Share Price Today: Monitoring a company's share price is essential for investors, providing real-time information on market sentiment and the perceived value of the stock. Ticker by Finology offers a convenient resource to access Yes Bank Ltd.'s share price today. Through the platform, investors can stay updated on the stock's performance, including historical price movements and key indicators. Keeping a close eye on the share price enables investors to stay informed about Yes Bank Ltd.'s market position.
Market Cap: A company's market capitalization indicates its overall value, determined by multiplying its current share price by the total number of outstanding shares. Understanding Yes Bank Ltd.'s market cap helps investors gauge its relative standing in the market. Ticker by Finology provides valuable information on the company's market capitalization, allowing investors to assess its size and compare it to other players in the industry. This insightful data aids investors in making well-informed decisions.

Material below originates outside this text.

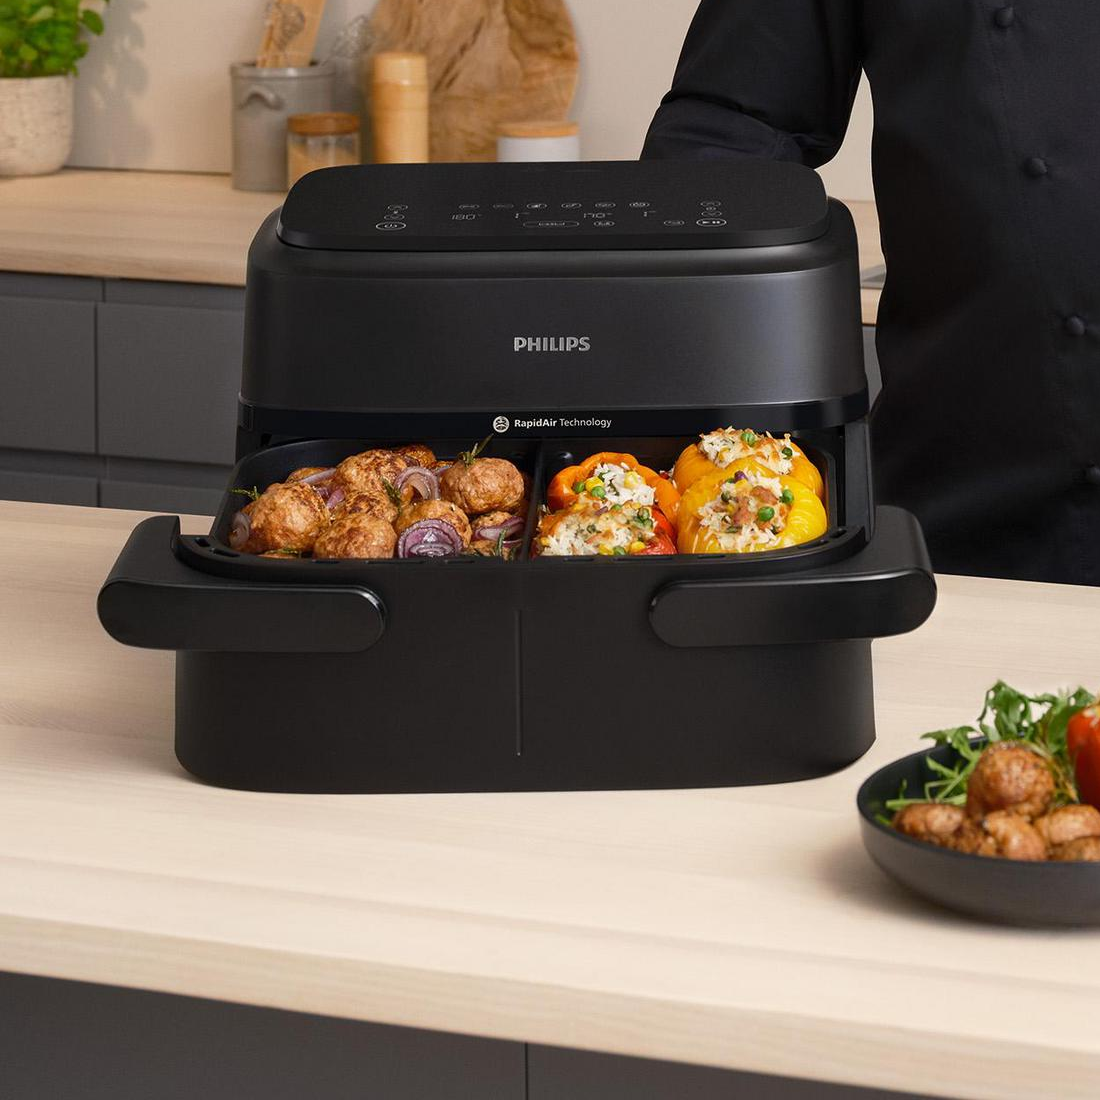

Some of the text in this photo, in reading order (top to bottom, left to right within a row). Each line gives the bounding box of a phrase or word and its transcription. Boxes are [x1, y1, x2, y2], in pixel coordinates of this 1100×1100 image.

Price Chart Analysis: Technical analysis is a powerful tool for investors, and analyzing a stock's price chart can uncover valuable insights. Ticker by Finology offers tools and resources for price chart analysis, aiding investors in understanding Yes Bank Ltd.'s stock performance. By assessing historical price patterns, investors can identify potential trends, support and resistance levels, and useful technical indicators. This analysis helps investors make informed decisions regarding their investments in Yes Bank Ltd.
Balance Sheet Evaluation: Evaluating a company's balance sheet is crucial for investors, as it reveals key financial metrics such as assets, liabilities, and shareholders' equity. Ticker by Finology may provide access to accurate and up-to-date balance sheet information for Yes Bank Ltd. This information assists investors in evaluating the company's financial health, liquidity, debt levels, and overall stability. By examining these aspects, investors can make well-informed investment decisions based on a comprehensive understanding of Yes Bank Ltd.
Conclusion: Understanding Yes Bank Ltd.'s share price, market capitalization, price chart, and balance sheet is vital for investors seeking to make informed decisions in the stock market. Ticker by Finology serves as a reliable platform to analyze these aspects without any promotional content. By leveraging the insights offered through Ticker by Finology, investors can gain a comprehensive understanding of Yes Bank Ltd.'s performance and prospects. Always remember to consider multiple reputable sources and thoroughly evaluate information before investing.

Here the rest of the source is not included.